> _What needs to be done_
Without the images, output each record below as it stands.

==*==

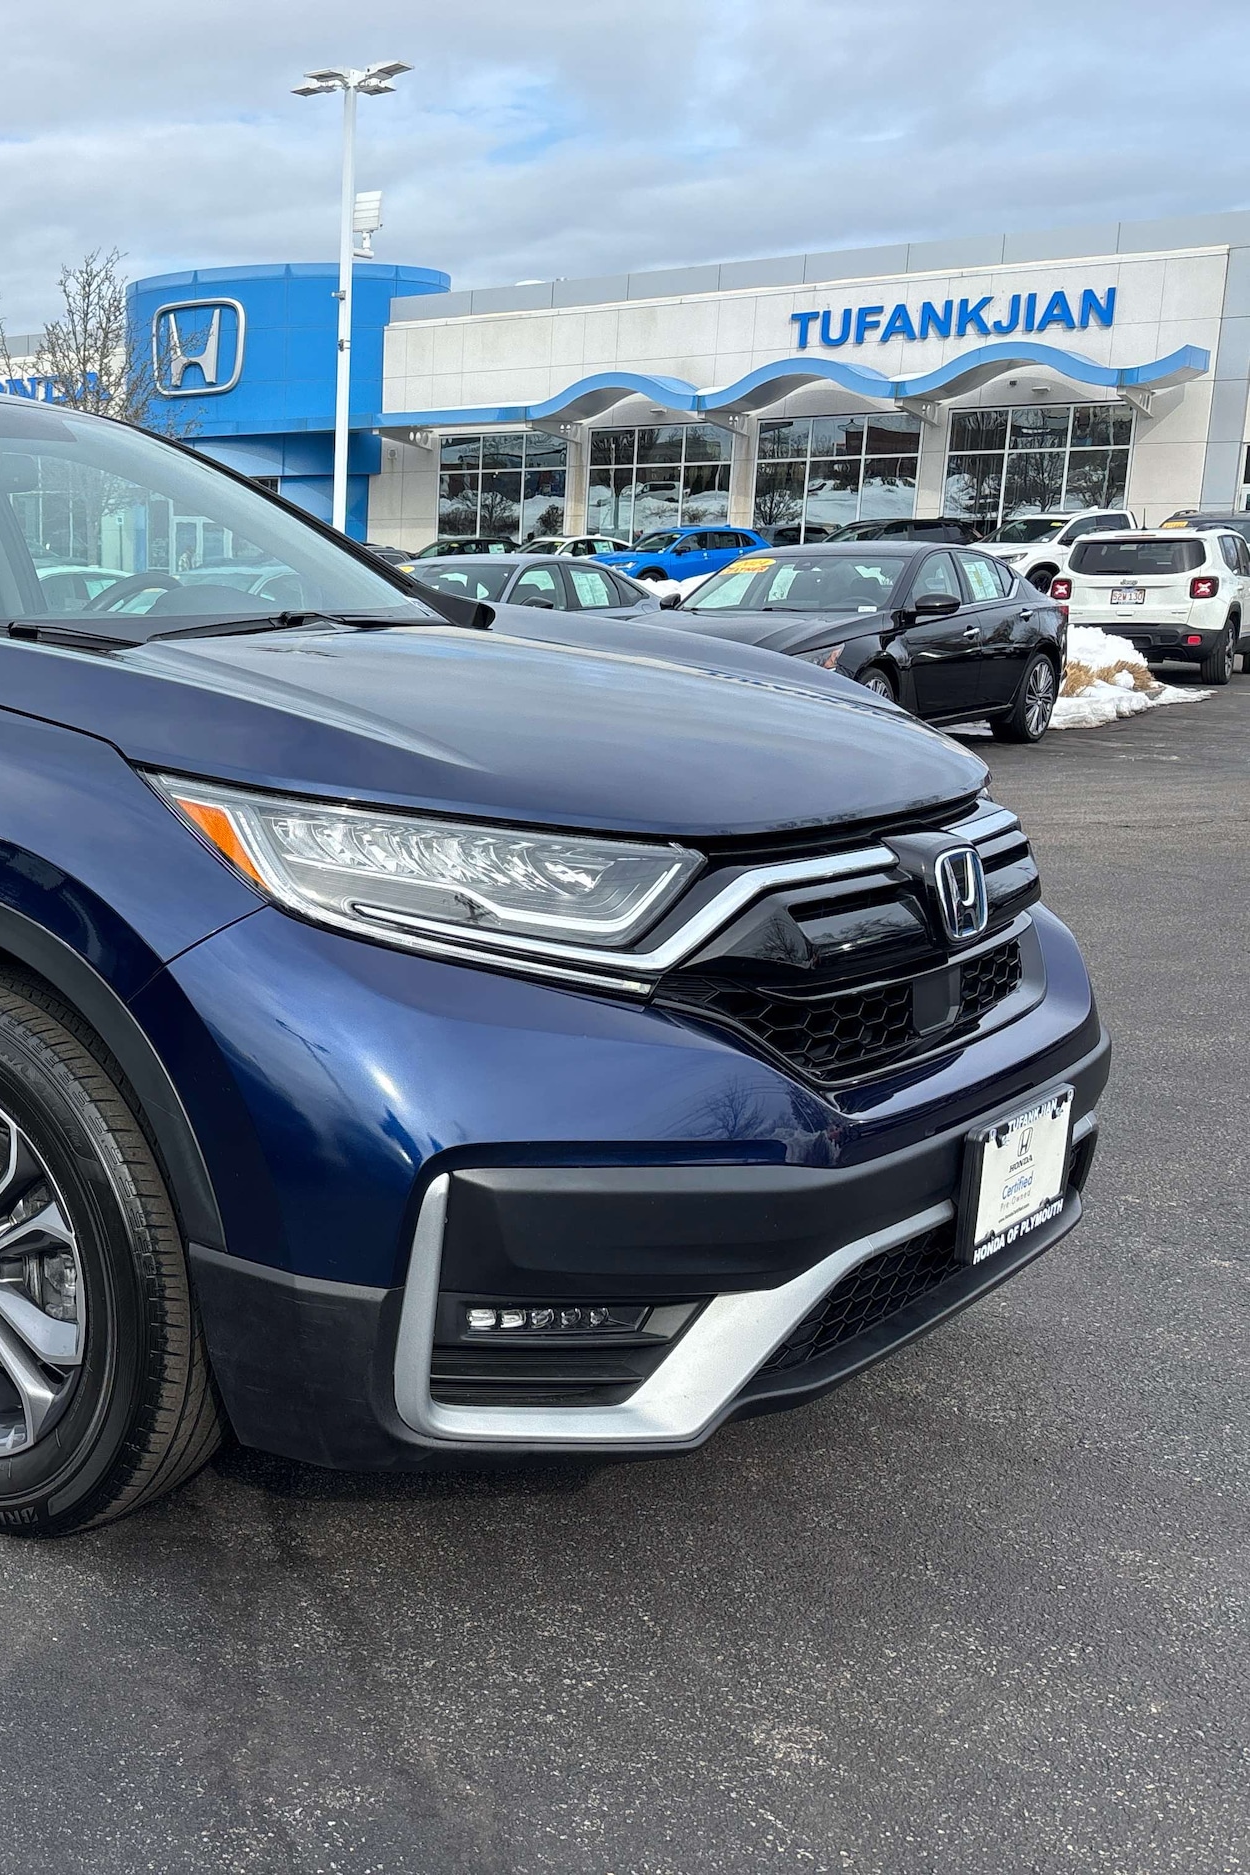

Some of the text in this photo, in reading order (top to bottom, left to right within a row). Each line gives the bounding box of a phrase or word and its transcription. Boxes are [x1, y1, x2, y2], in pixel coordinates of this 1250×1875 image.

[791, 286, 1117, 349] TUFANKJIAN
[1007, 1097, 1058, 1133] TUFANKJIAN
[1008, 1156, 1033, 1173] HONDA
[1001, 1170, 1034, 1200] Certified
[972, 1236, 1005, 1265] HONDA
[1007, 1226, 1020, 1244] OF
[1020, 1198, 1064, 1236] PLYMOUTH
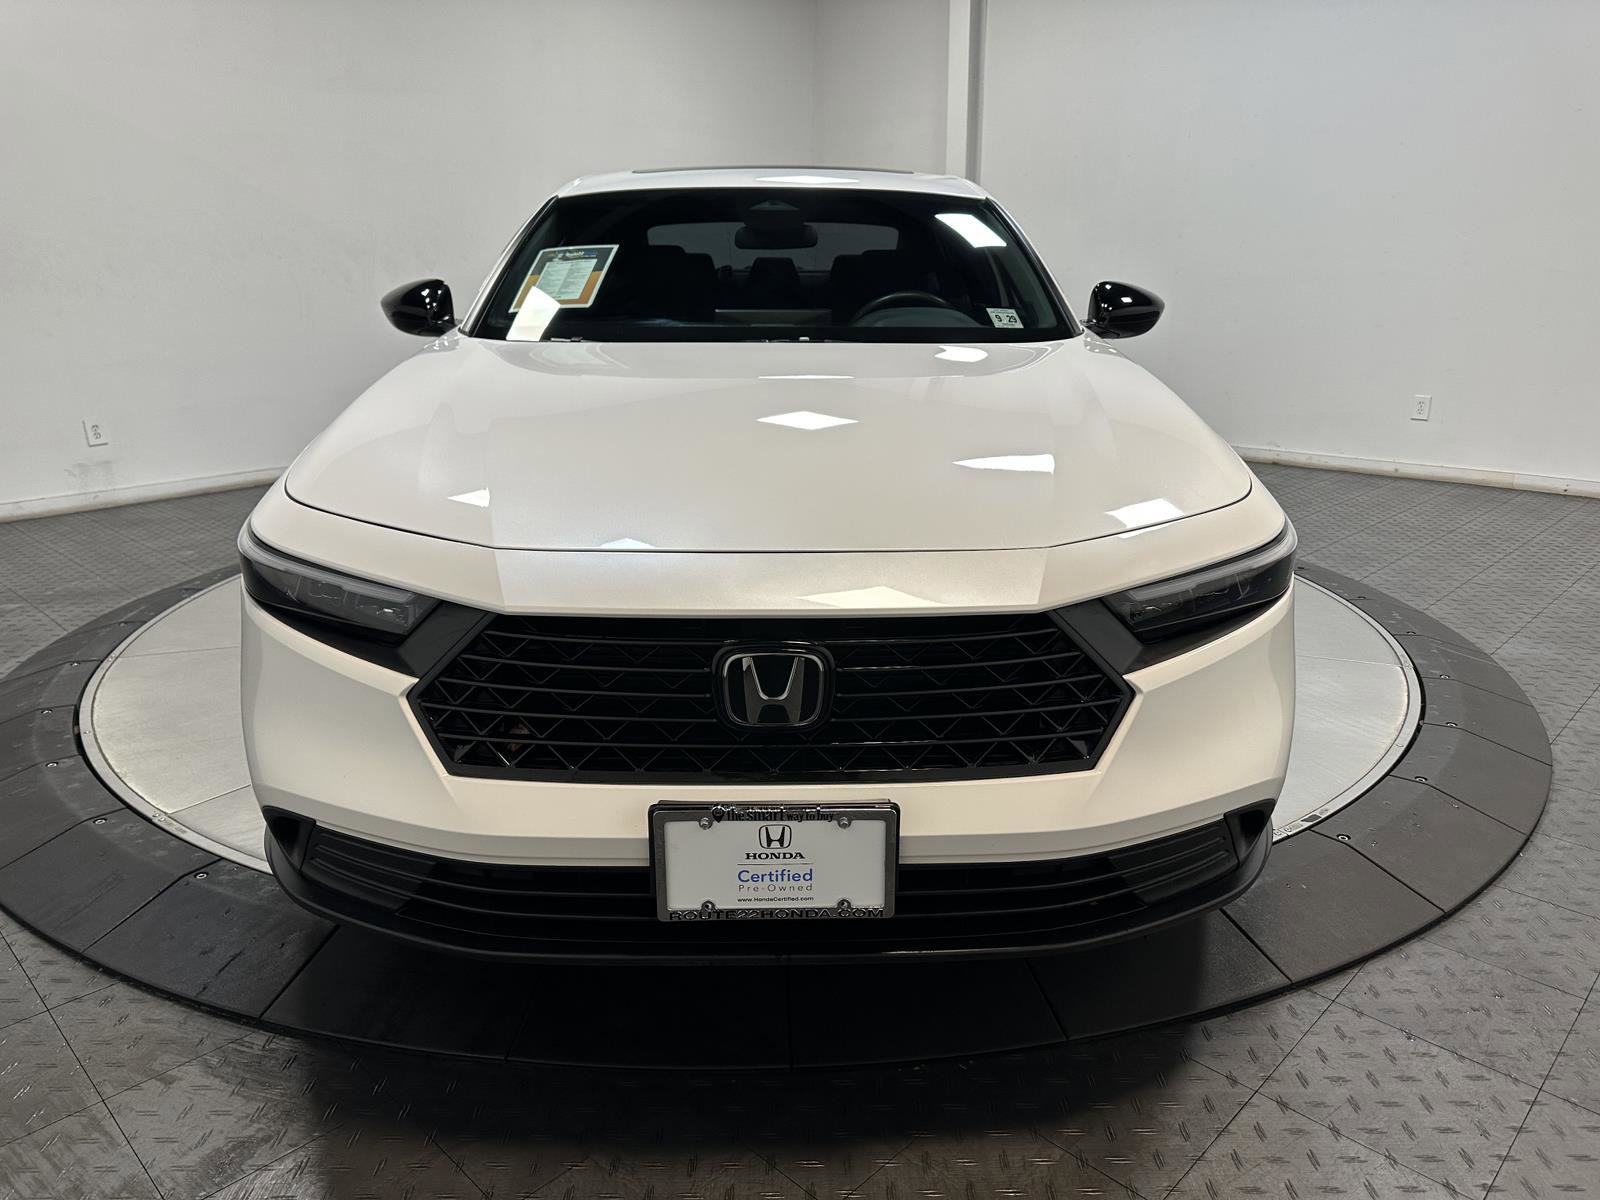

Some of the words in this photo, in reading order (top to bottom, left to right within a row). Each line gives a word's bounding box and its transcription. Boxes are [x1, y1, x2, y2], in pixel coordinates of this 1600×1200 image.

[1006, 315, 1017, 323] 29
[727, 807, 745, 821] the
[746, 808, 784, 821] smart
[786, 811, 804, 822] way
[805, 809, 815, 821] to
[816, 808, 834, 822] buy
[745, 852, 805, 860] HONDA
[737, 868, 813, 883] Certified
[738, 883, 813, 892] Pre-Owned
[669, 908, 884, 920] ROUTE22HONDA.COM
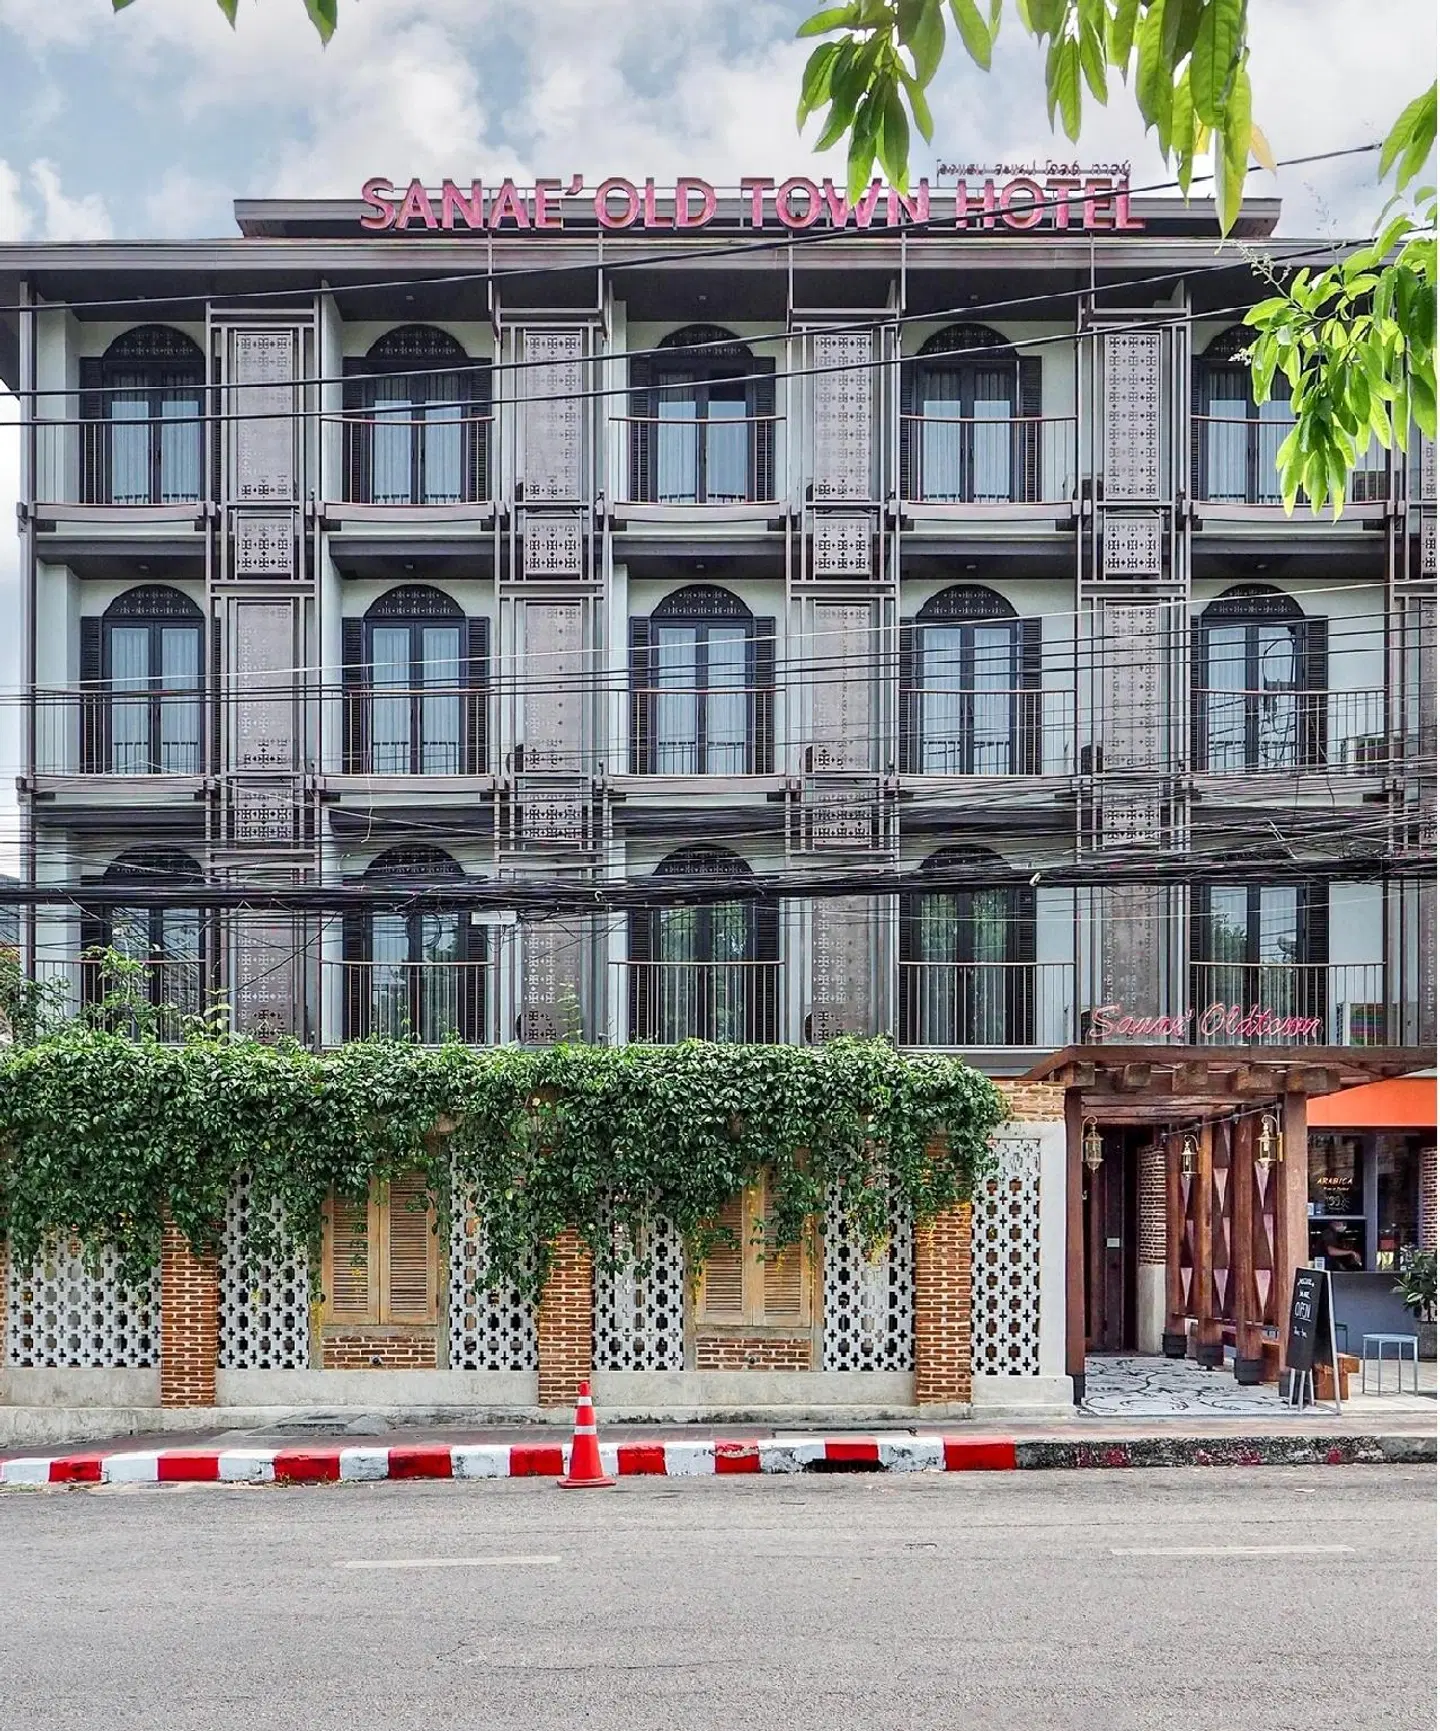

==*==

> _Completed exercise_
Some of the text in this photo, in reading order (top to bottom, left to right within a row). Each line gives the bounding box of a phrase or word and its transcription. Boxes are [x1, y1, x2, y2], in pixel coordinates of this 1250×1875 image.

[791, 286, 1117, 349] TUFANKJIAN
[1007, 1097, 1058, 1133] TUFANKJIAN
[1008, 1156, 1033, 1173] HONDA
[1001, 1170, 1034, 1200] Certified
[972, 1236, 1005, 1265] HONDA
[1007, 1226, 1020, 1244] OF
[1020, 1198, 1064, 1236] PLYMOUTH

Some of the words in this photo, in reading order (top to bottom, left to right within a row). Each line gives a word's bounding box and its transcription. Boxes are [x1, y1, x2, y2], in pixel coordinates of this 1600×1200 image.

[1006, 315, 1017, 323] 29
[727, 807, 745, 821] the
[746, 808, 784, 821] smart
[786, 811, 804, 822] way
[805, 809, 815, 821] to
[816, 808, 834, 822] buy
[745, 852, 805, 860] HONDA
[737, 868, 813, 883] Certified
[738, 883, 813, 892] Pre-Owned
[669, 908, 884, 920] ROUTE22HONDA.COM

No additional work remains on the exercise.